Study

Impacts of bark and foliage harvest on Khaya senegalensis (Meliaceae) reproductive performance in Benin

  • Published source details Gaoue O.G. & Ticktin T. (2008) Impacts of bark and foliage harvest on Khaya senegalensis (Meliaceae) reproductive performance in Benin. Journal of Applied Ecology, 45, 34-40.

Summary

In the Saharan region, African mahogany Khaya senegalensis (Meliaceae) bark is an important local medicine for malaria and the foliage is cut by herders for livestock fodder. In order to assist conservation plans by determining sustainable non-timber forest product (NTFP) harvesting levels, this study assessed the impacts of combined bark and foliage harvests (at reduced and high harvest intensities) on K.senegalensis reproductive performance in Benin, West Africa.

Data was collected from 12 K.senegalensis populations spread across the Sudanian and (wetter) Sudano-Guinean ecological regions of Benin. Six had a history of high harvest intensity (>50% of trees pruned and >10% of trees debarked), six were subject to low/no harvest (<5% of trees pruned and <10% debarked).

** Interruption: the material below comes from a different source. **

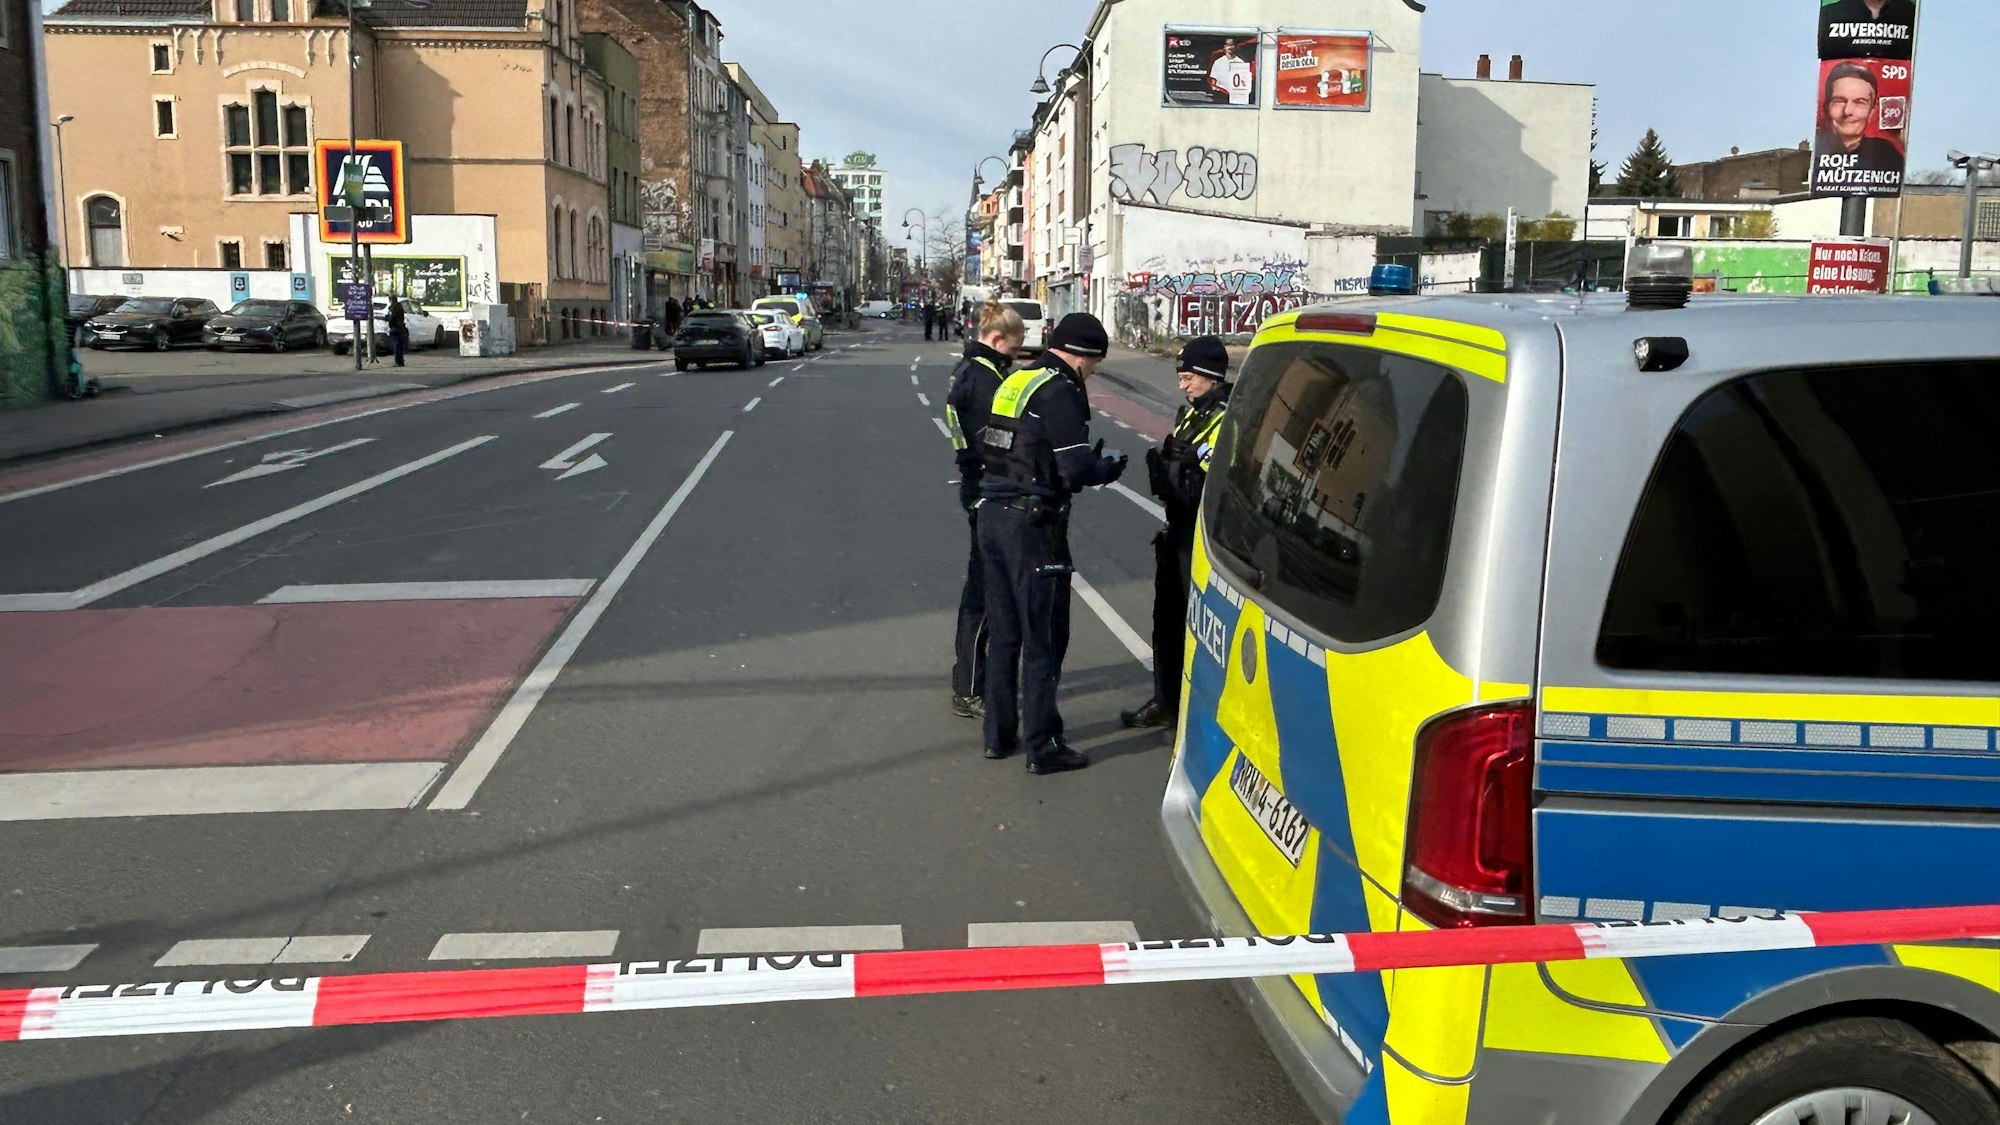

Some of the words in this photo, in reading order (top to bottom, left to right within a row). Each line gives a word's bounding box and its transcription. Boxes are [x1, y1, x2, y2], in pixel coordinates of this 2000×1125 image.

Harvesting categories were selected based on the intensities observed; no populations with intermediate harvest intensities were found, and only one non-harvested population was located (in the Sudano-Guinean region).

In each population, two 0.5-ha plots were established within which K.senegalensis trees with diameter at breast height (dbh) greater than 5 cm were sampled: dbh, height, trunk height, bark thickness, percentage of trunk debarked, number of branches, number of branches pruned and year since last pruning were recorded.

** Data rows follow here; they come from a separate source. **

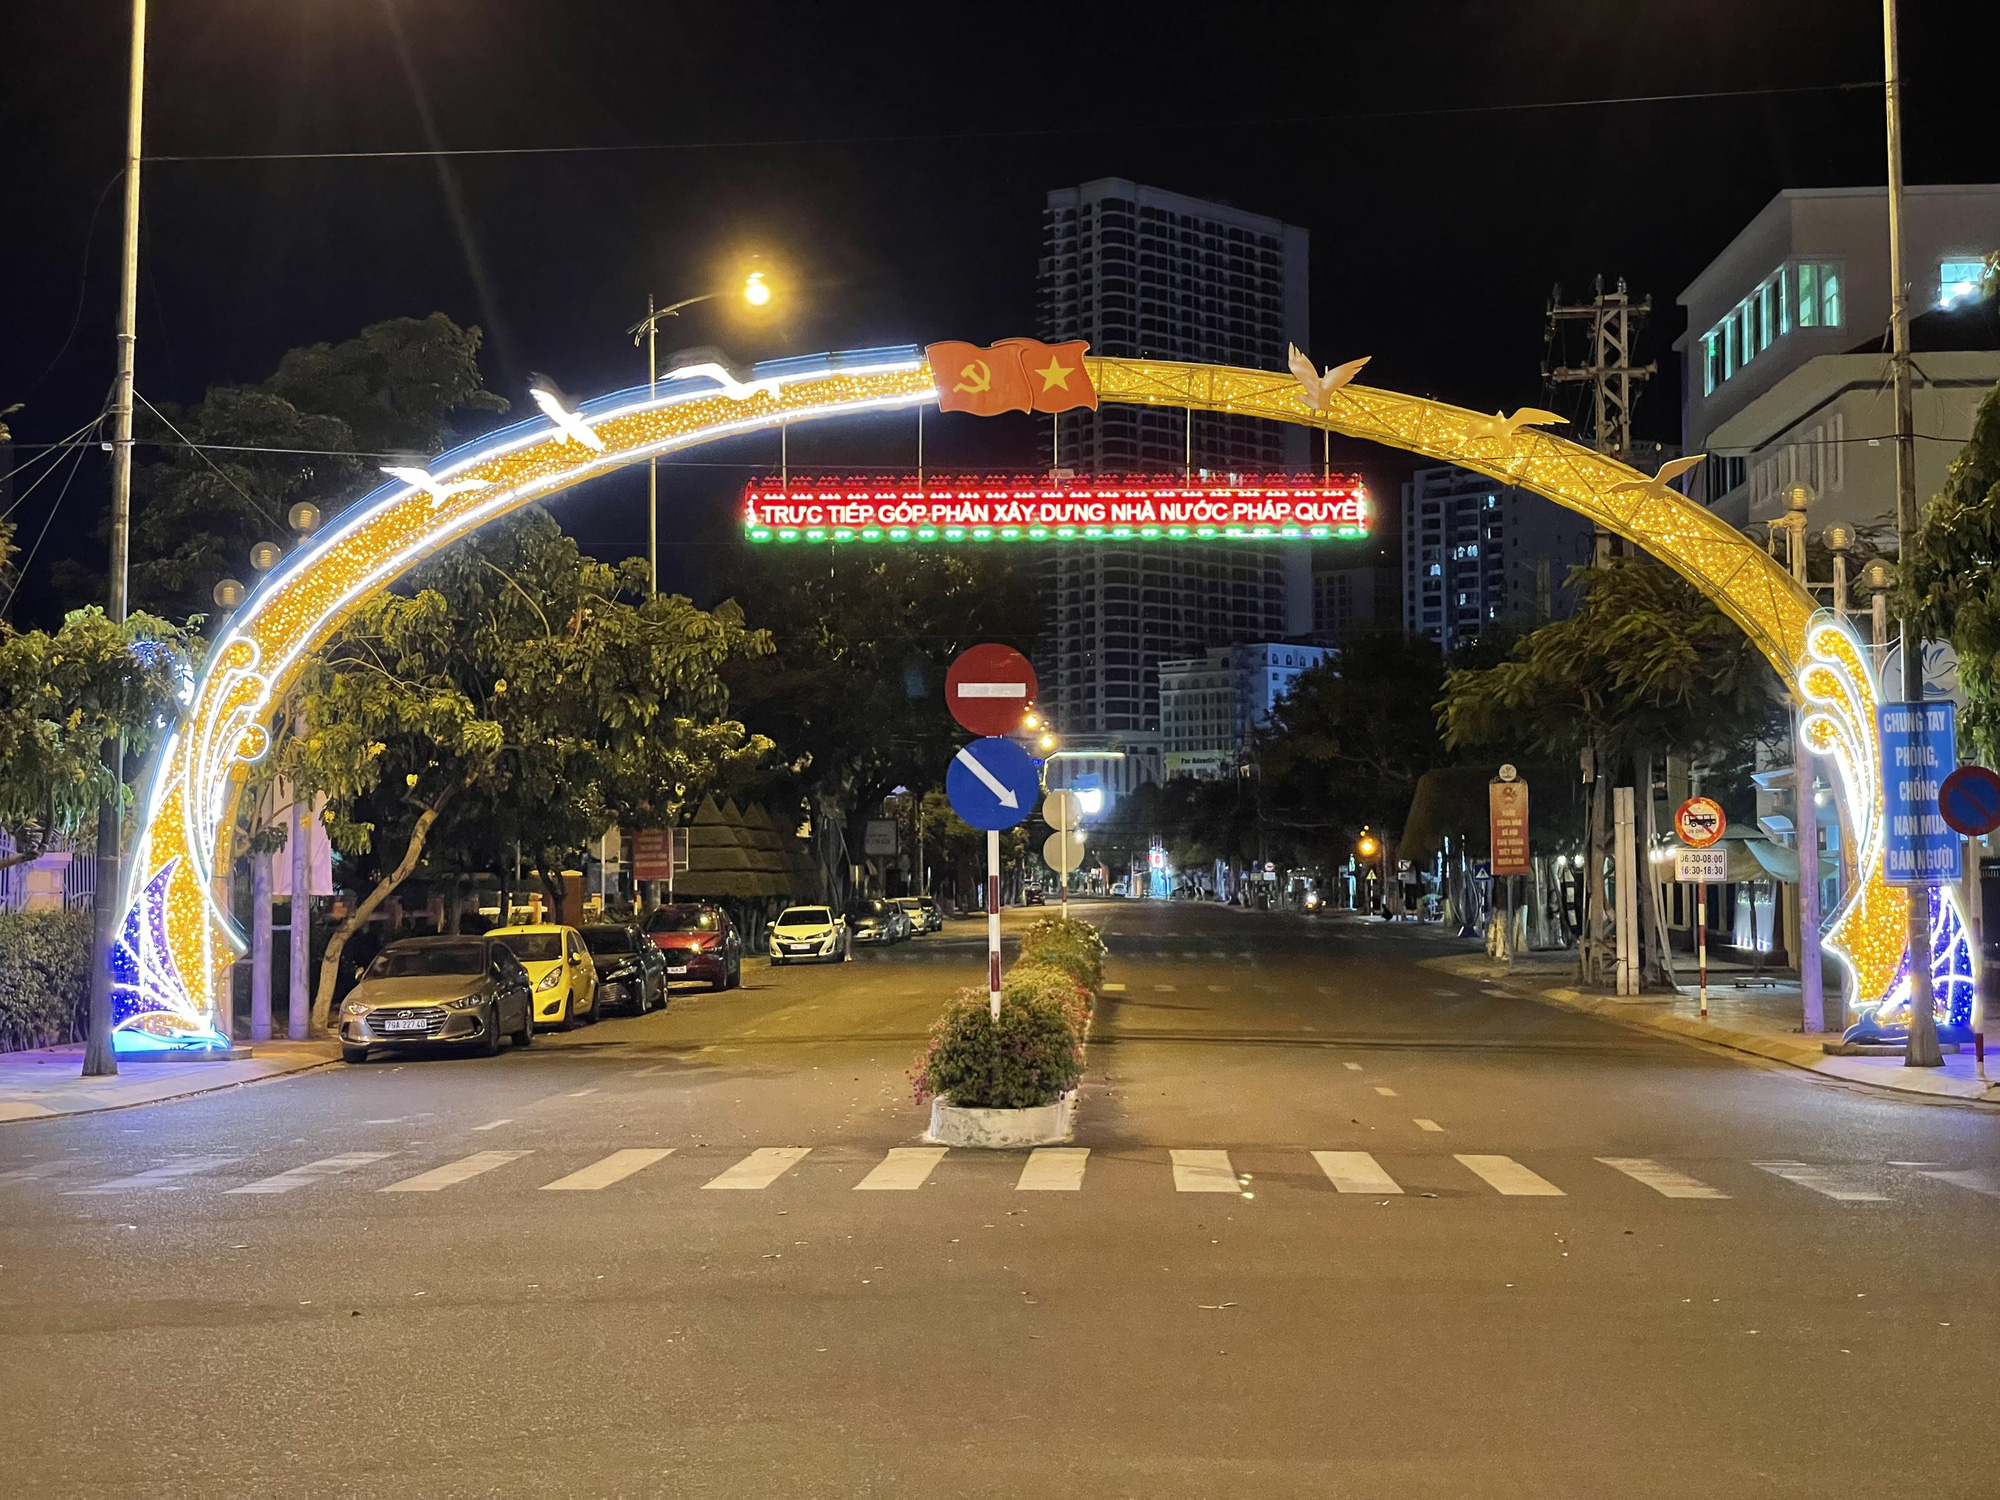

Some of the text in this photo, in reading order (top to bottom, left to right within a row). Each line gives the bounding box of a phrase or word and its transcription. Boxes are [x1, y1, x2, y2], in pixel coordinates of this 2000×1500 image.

[878, 502, 927, 523] GÓP
[993, 501, 1036, 522] XÂY
[1112, 500, 1156, 521] NHÀ
[1161, 500, 1228, 521] NƯỚC
[1233, 499, 1291, 520] PHÁP
[1883, 711, 1946, 733] CHUNG TAY
[1895, 744, 1939, 768] PHÒNG,
[1899, 774, 1939, 801] CHỐNG
[1894, 814, 1948, 840] NẠN MUA
[1680, 854, 1723, 863] 06:30-08:00
[1890, 844, 1954, 870] BÁN NGƯỜI
[1680, 865, 1723, 875] 16:30-18:30

Estimates of i) fruit productivity (3-18 fruiting trees/population sampled, n = 94 trees; and average of 83% fruiting trees sampled/population); ii) seed productivity (for trees that had more than 10 fruits, 10 fruits were selected and the number of seeds/fruit counted); and iii) seed weight (average of 100 seeds), were made.

Fruit production: In the study years, trees produced more fruit and began fruiting at a smaller size in the Sudanian region than in the Sudano-Guinean region regardless of harvest intensity. High intensity pruning decreased fruit production significantly in the Sudanian region (c.210 fruit/tree low intensity; c.55/tree high intensity) but no such trend was apparent in the Sudano-Guinean region (c.45/tree low intensity; c.70/tree high intensity). Pruning also had a greater impact on fruit production in larger trees.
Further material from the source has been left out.